#### Brief
Print each entry word for word without images.
=== Data records ===
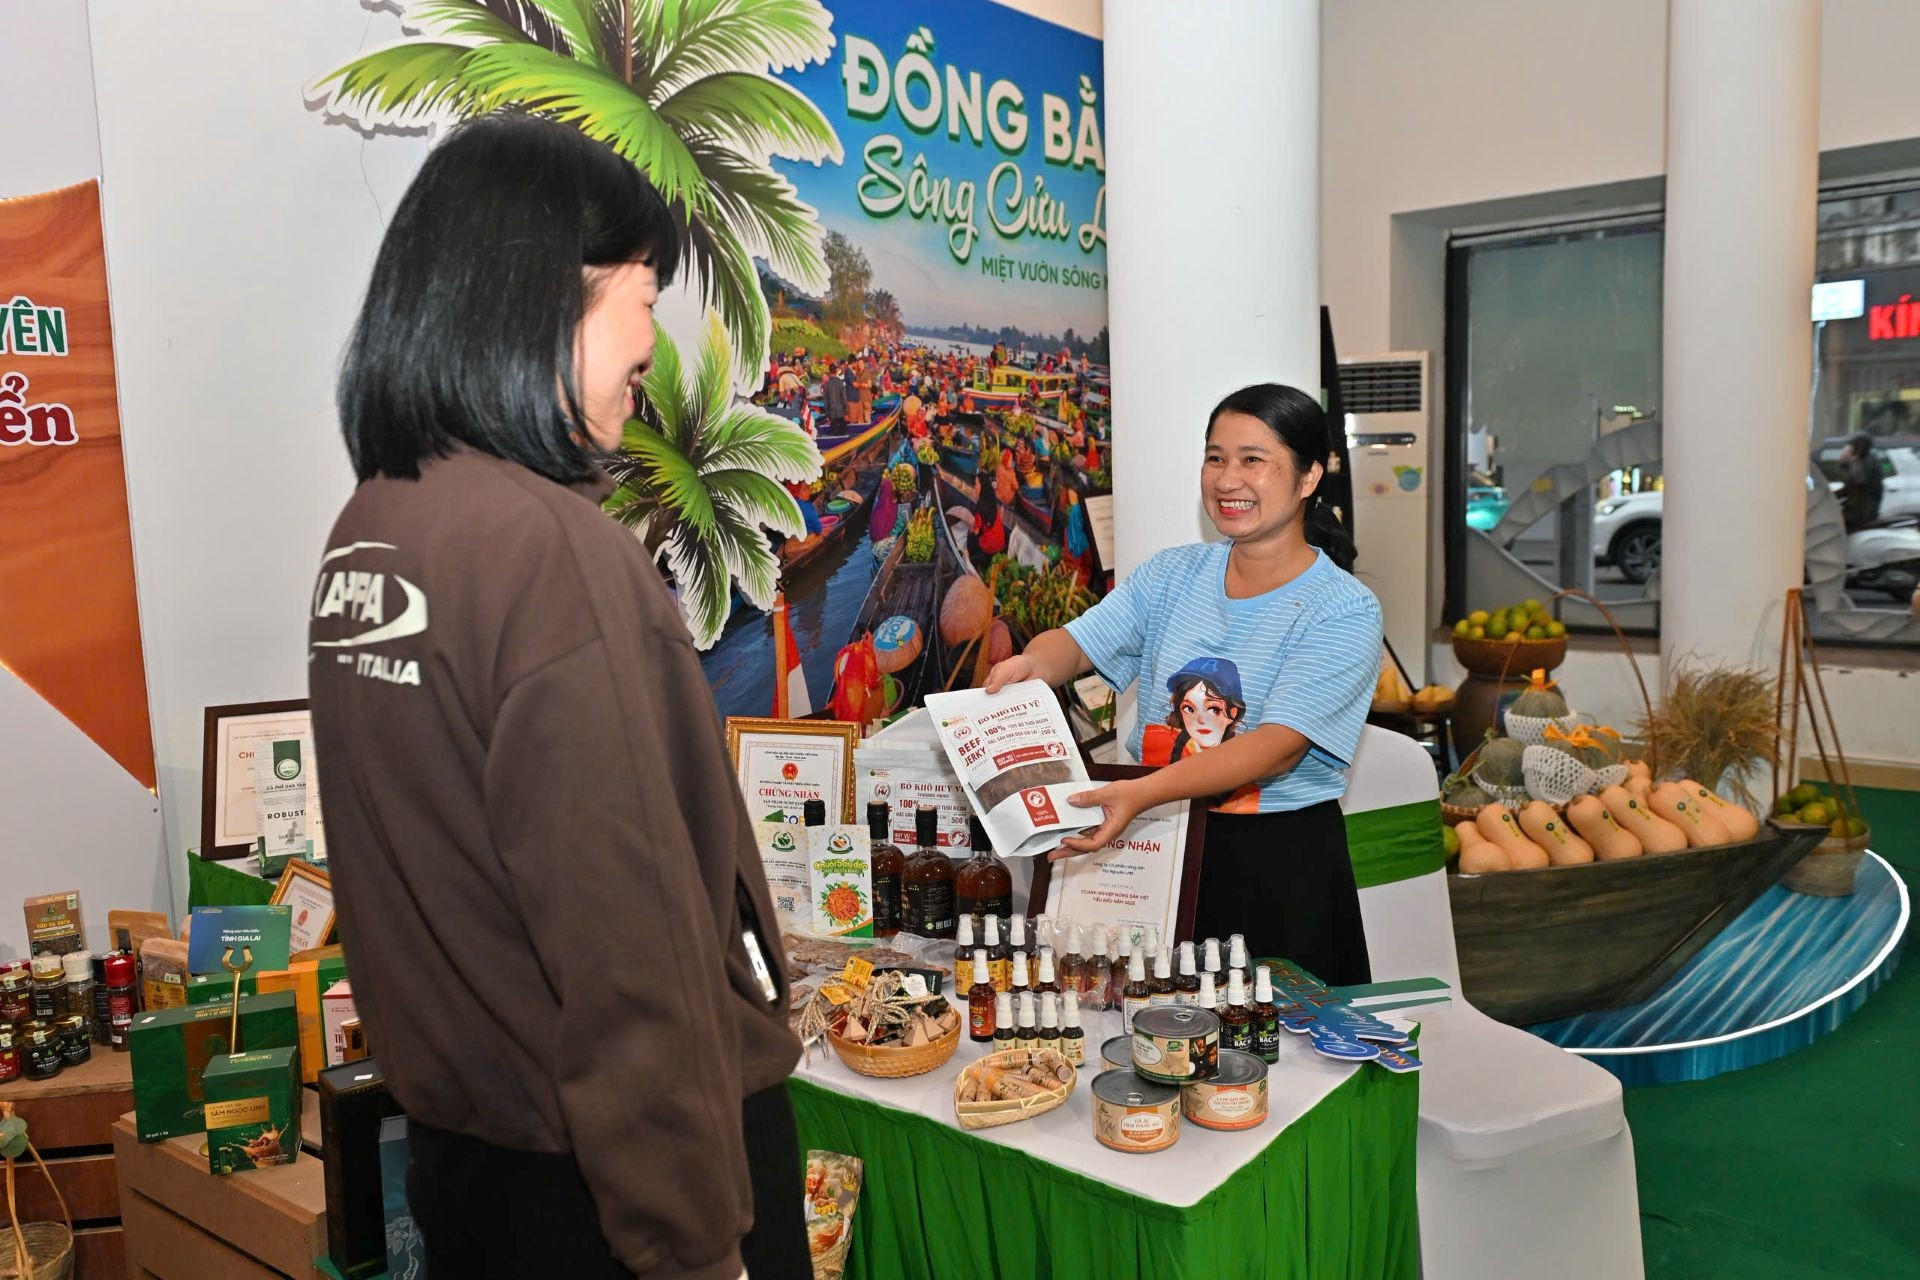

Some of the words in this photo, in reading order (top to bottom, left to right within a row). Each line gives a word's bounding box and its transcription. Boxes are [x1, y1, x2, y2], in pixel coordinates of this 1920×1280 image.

[842, 26, 1029, 154] ĐỒNG
[857, 134, 978, 263] Sông
[986, 162, 1070, 236] Cửu
[981, 256, 1013, 282] MIỆT
[1018, 262, 1058, 285] VƯỜN
[1062, 267, 1100, 290] SÔNG
[316, 571, 384, 624] APPA
[357, 653, 421, 685] ITALIA
[1010, 703, 1027, 714] HUY
[984, 725, 1006, 737] 100%
[958, 736, 981, 757] BEEF
[964, 746, 986, 767] JERKY
[759, 787, 792, 798] CHỨNG
[914, 783, 932, 792] KHÔ
[935, 784, 952, 792] HUY
[899, 799, 920, 809] 100%
[951, 816, 963, 824] 500
[1034, 814, 1055, 822] NATURAL
[1128, 840, 1160, 855] NHẬN
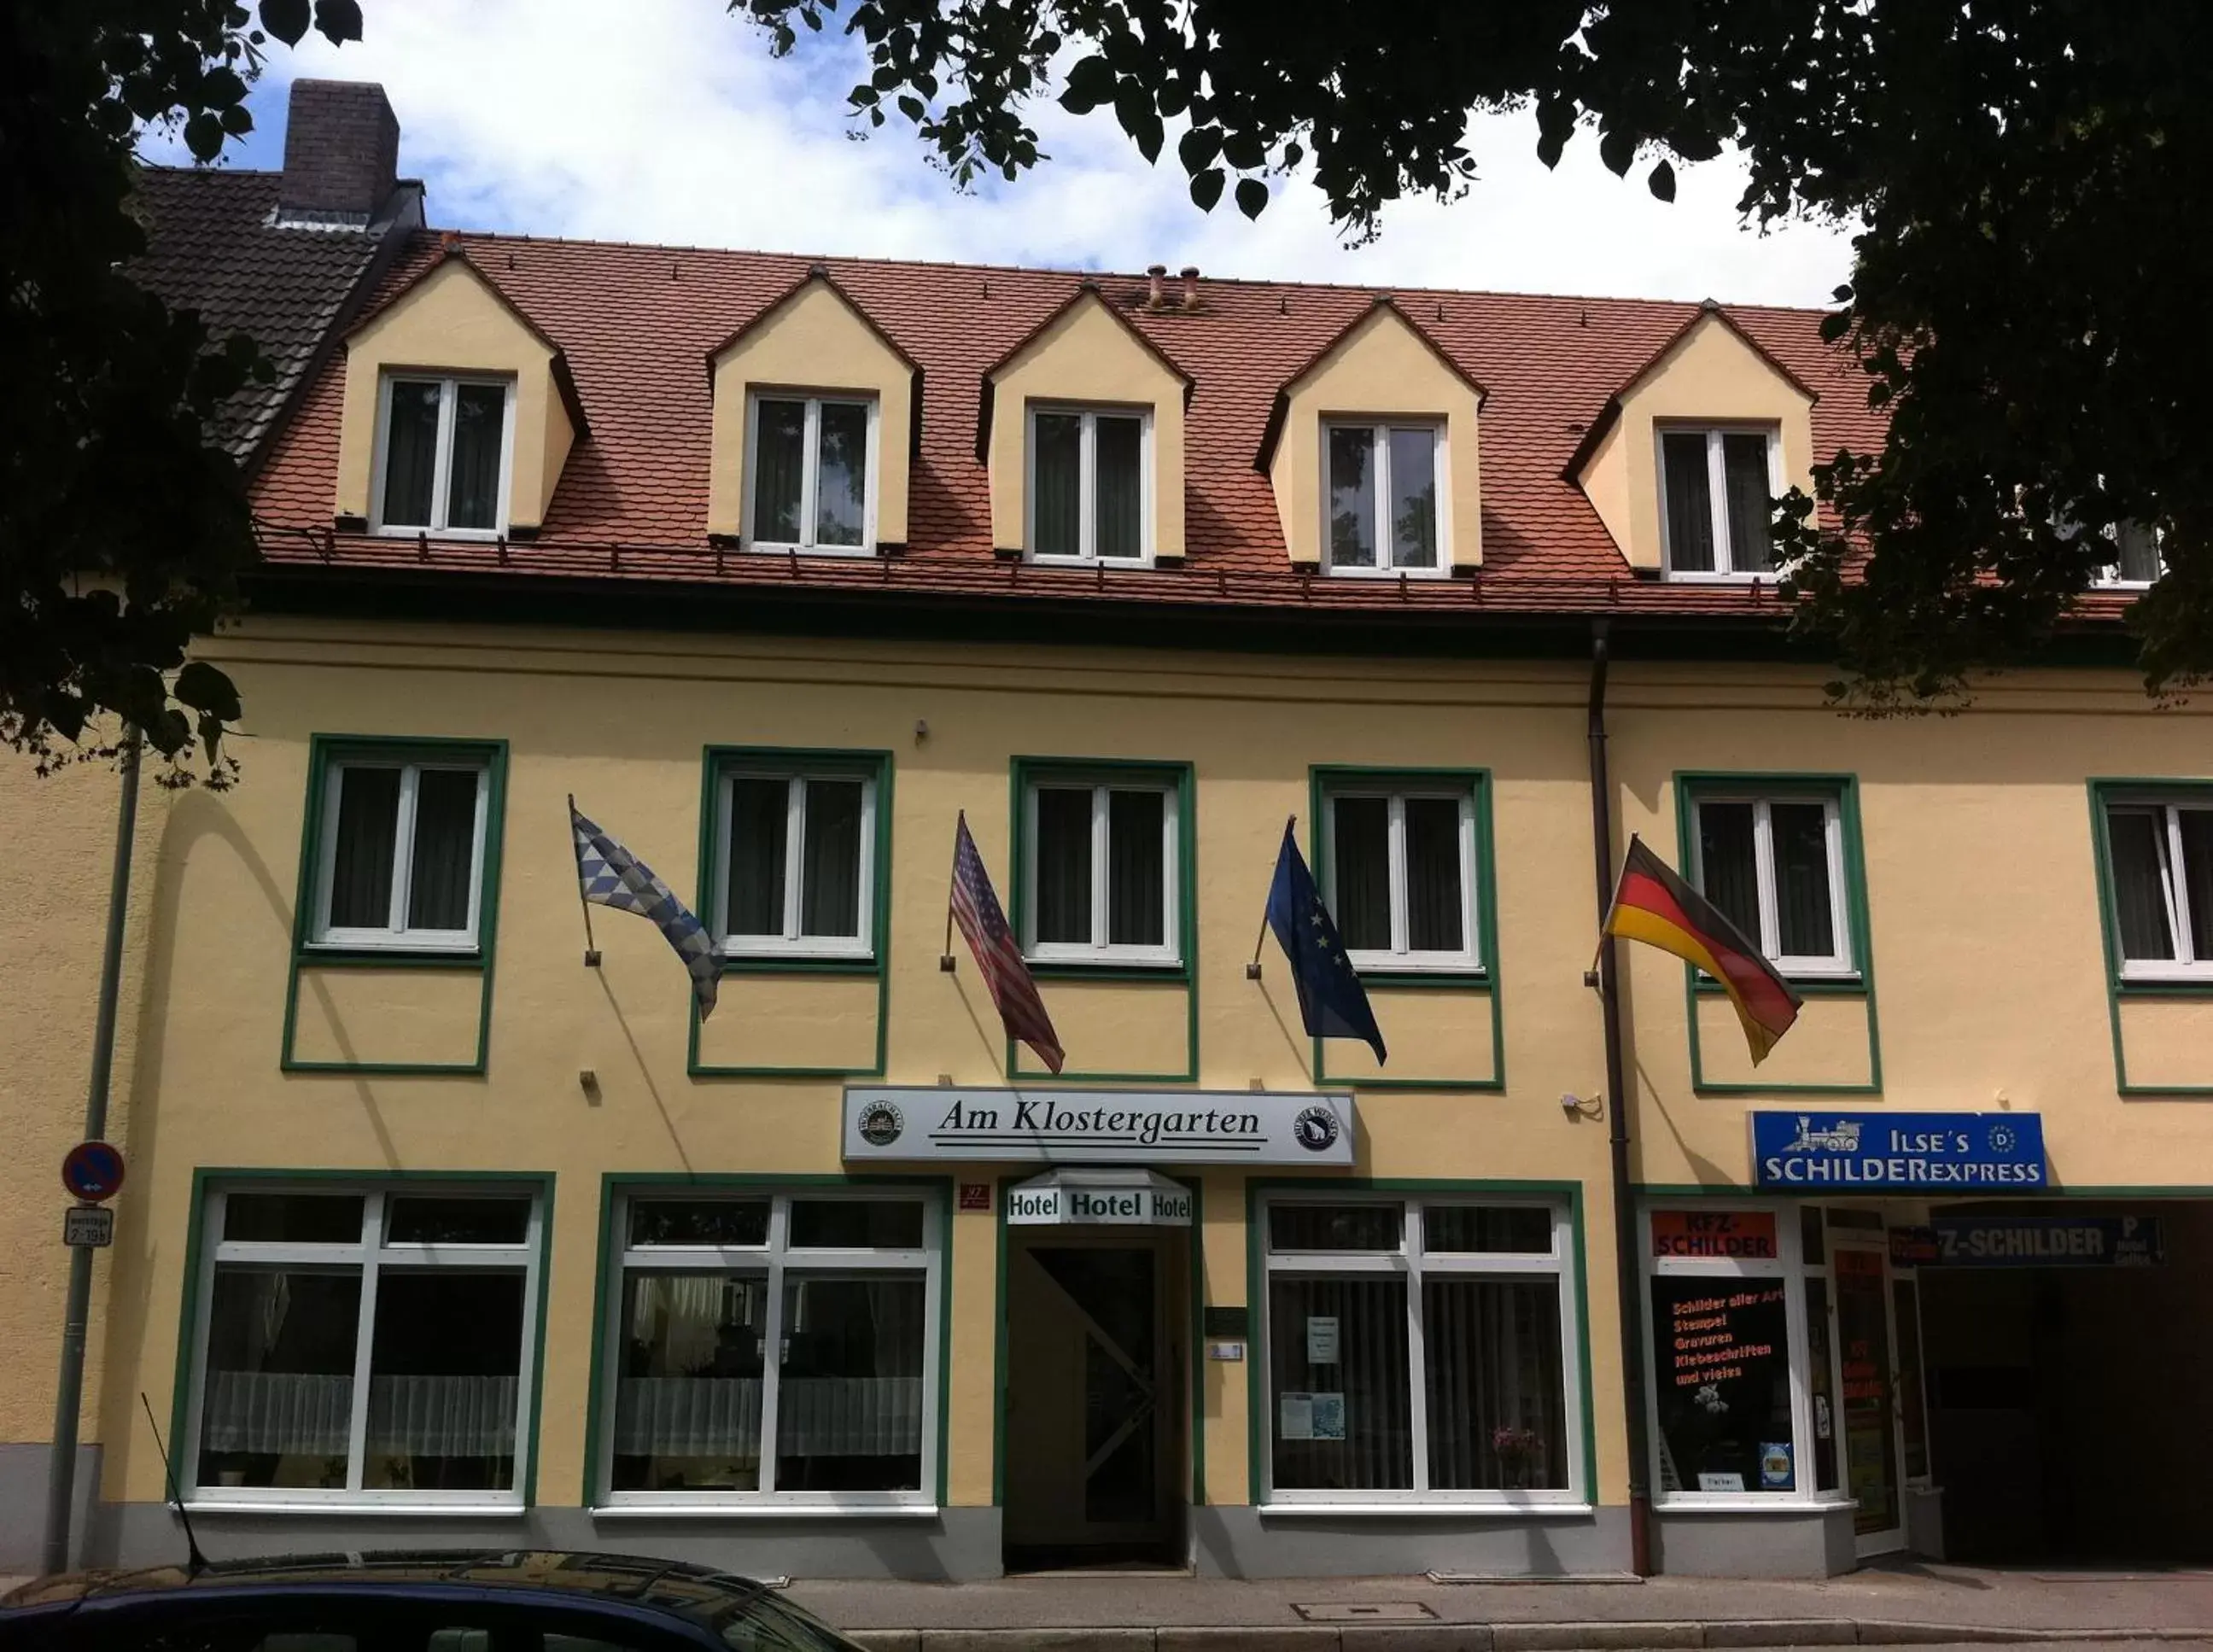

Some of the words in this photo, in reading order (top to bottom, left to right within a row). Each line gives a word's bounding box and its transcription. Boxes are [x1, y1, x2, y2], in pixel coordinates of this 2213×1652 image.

[939, 1100, 997, 1130] Am
[1012, 1100, 1259, 1144] Klostergarten
[1996, 1135, 2007, 1145] D
[1766, 1158, 2041, 1182] SCHILDEREXPRESS
[1010, 1193, 1058, 1216] Hotel
[1071, 1193, 1141, 1217] Hotel
[1153, 1195, 1191, 1217] Hotel
[1687, 1214, 1741, 1233] KFZ-
[2122, 1216, 2139, 1238] P
[1657, 1235, 1775, 1256] SCHILDER
[1936, 1227, 2104, 1258] Z-SCHILDER
[1673, 1298, 1726, 1315] Schilder
[1728, 1292, 1760, 1307] aller
[1673, 1312, 1727, 1333] Stempel
[1674, 1332, 1733, 1350] Gravuren
[1675, 1344, 1772, 1368] Klebeschriften
[1675, 1370, 1699, 1386] und
===
#### Written solution
Some of the words in this photo, in reading order (top to bottom, left to right within a row). Each line gives a word's bounding box and its transcription. Boxes are [x1, y1, x2, y2], in pixel coordinates of this 1920×1280 image.

[842, 26, 1029, 154] ĐỒNG
[857, 134, 978, 263] Sông
[986, 162, 1070, 236] Cửu
[981, 256, 1013, 282] MIỆT
[1018, 262, 1058, 285] VƯỜN
[1062, 267, 1100, 290] SÔNG
[316, 571, 384, 624] APPA
[357, 653, 421, 685] ITALIA
[1010, 703, 1027, 714] HUY
[984, 725, 1006, 737] 100%
[958, 736, 981, 757] BEEF
[964, 746, 986, 767] JERKY
[759, 787, 792, 798] CHỨNG
[914, 783, 932, 792] KHÔ
[935, 784, 952, 792] HUY
[899, 799, 920, 809] 100%
[951, 816, 963, 824] 500
[1034, 814, 1055, 822] NATURAL
[1128, 840, 1160, 855] NHẬN

Some of the words in this photo, in reading order (top to bottom, left to right within a row). Each line gives a word's bounding box and its transcription. Boxes are [x1, y1, x2, y2], in pixel coordinates of this 2213×1652 image.

[939, 1100, 997, 1130] Am
[1012, 1100, 1259, 1144] Klostergarten
[1996, 1135, 2007, 1145] D
[1766, 1158, 2041, 1182] SCHILDEREXPRESS
[1010, 1193, 1058, 1216] Hotel
[1071, 1193, 1141, 1217] Hotel
[1153, 1195, 1191, 1217] Hotel
[1687, 1214, 1741, 1233] KFZ-
[2122, 1216, 2139, 1238] P
[1657, 1235, 1775, 1256] SCHILDER
[1936, 1227, 2104, 1258] Z-SCHILDER
[1673, 1298, 1726, 1315] Schilder
[1728, 1292, 1760, 1307] aller
[1673, 1312, 1727, 1333] Stempel
[1674, 1332, 1733, 1350] Gravuren
[1675, 1344, 1772, 1368] Klebeschriften
[1675, 1370, 1699, 1386] und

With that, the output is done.